*EXERCISE*
I would like every record reproduced exactly, with the pictures left out.

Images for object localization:
#####

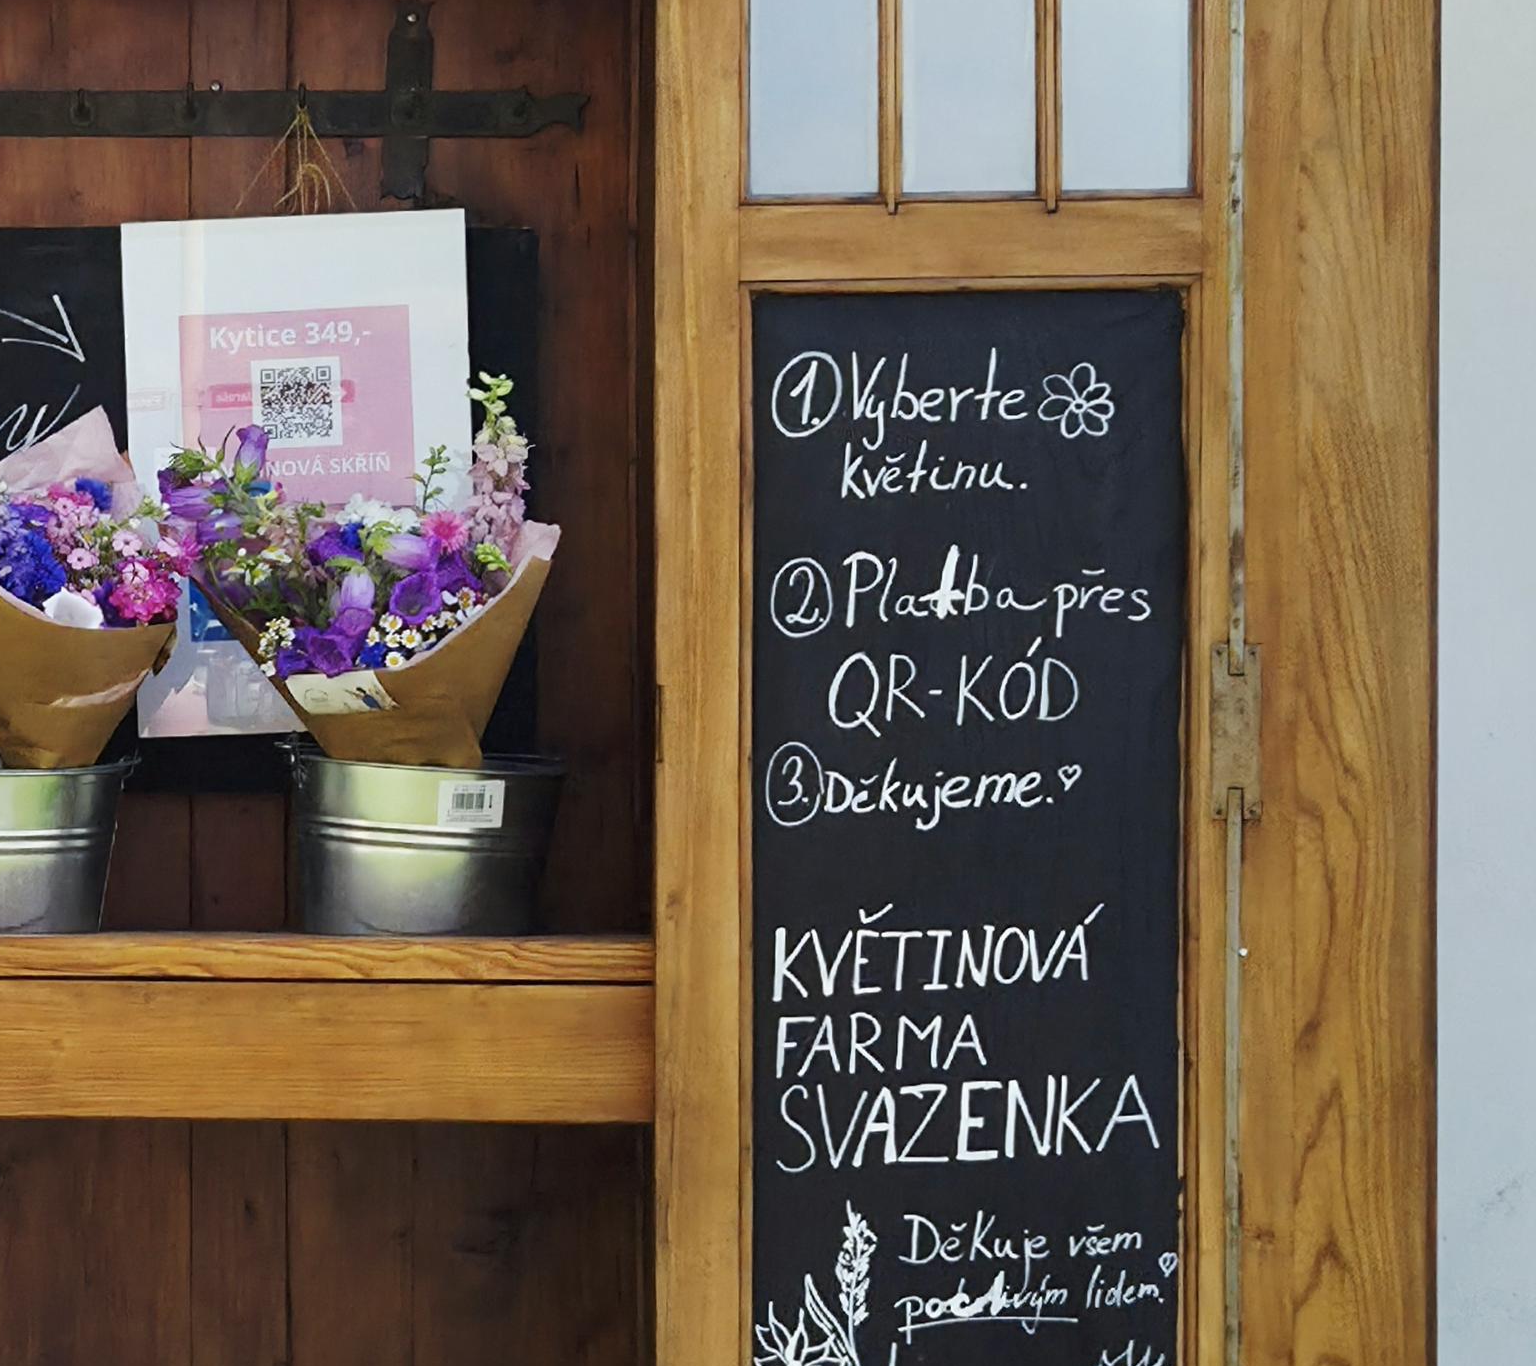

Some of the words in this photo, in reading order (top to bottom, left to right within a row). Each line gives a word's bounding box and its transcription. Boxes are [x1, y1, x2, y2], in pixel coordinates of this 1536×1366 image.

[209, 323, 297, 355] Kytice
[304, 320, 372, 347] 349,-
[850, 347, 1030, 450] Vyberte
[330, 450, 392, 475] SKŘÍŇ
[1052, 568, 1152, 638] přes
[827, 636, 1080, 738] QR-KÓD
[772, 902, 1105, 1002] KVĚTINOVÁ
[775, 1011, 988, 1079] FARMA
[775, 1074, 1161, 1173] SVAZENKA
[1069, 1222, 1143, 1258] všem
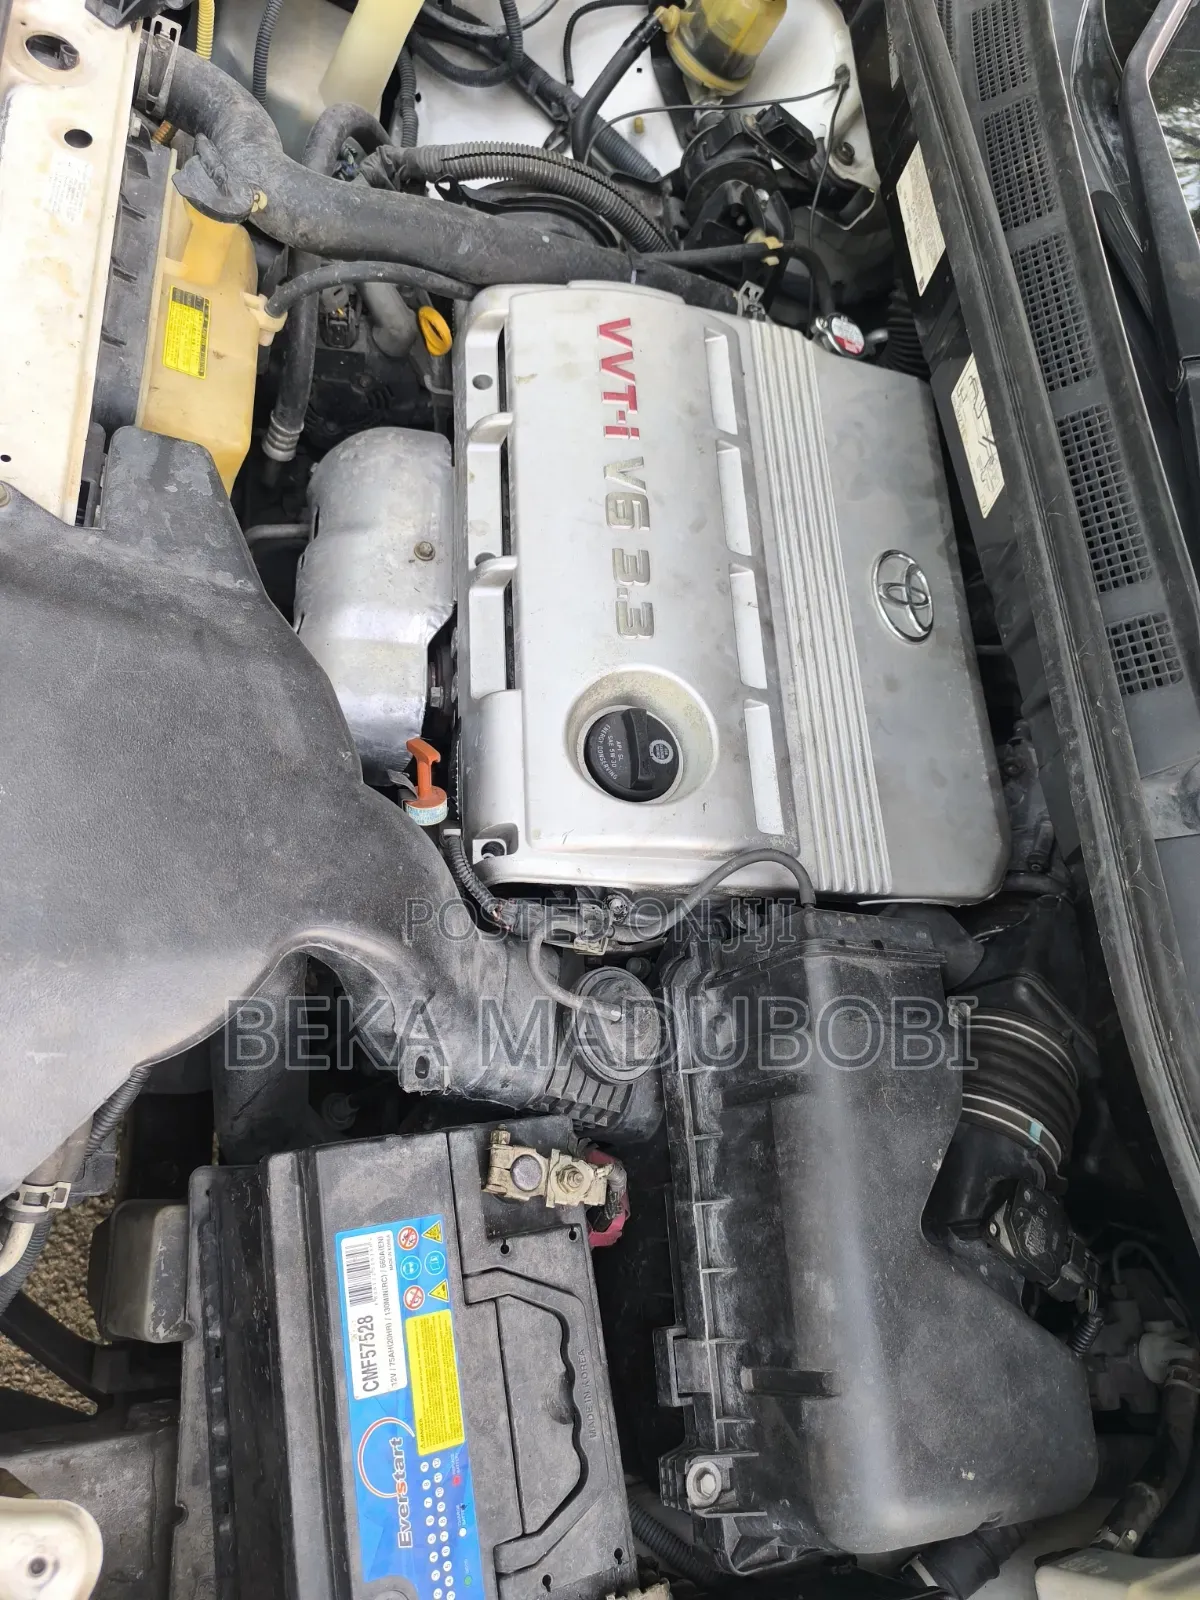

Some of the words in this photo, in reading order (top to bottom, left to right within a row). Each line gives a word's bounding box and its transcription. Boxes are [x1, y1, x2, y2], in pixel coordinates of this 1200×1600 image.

#####

*WRITTEN REPLY*
Some of the words in this photo, in reading order (top to bottom, left to right within a row). Each line gives a word's bounding box and its transcription. Boxes are [x1, y1, x2, y2], in pixel coordinates of this 1536×1366 image.

[209, 323, 297, 355] Kytice
[304, 320, 372, 347] 349,-
[850, 347, 1030, 450] Vyberte
[330, 450, 392, 475] SKŘÍŇ
[1052, 568, 1152, 638] přes
[827, 636, 1080, 738] QR-KÓD
[772, 902, 1105, 1002] KVĚTINOVÁ
[775, 1011, 988, 1079] FARMA
[775, 1074, 1161, 1173] SVAZENKA
[1069, 1222, 1143, 1258] všem

Some of the words in this photo, in reading order (top to bottom, left to right within a row). Each line gives a word's bounding box and its transcription. Boxes are [x1, y1, x2, y2], in pixel coordinates of this 1200×1600 image.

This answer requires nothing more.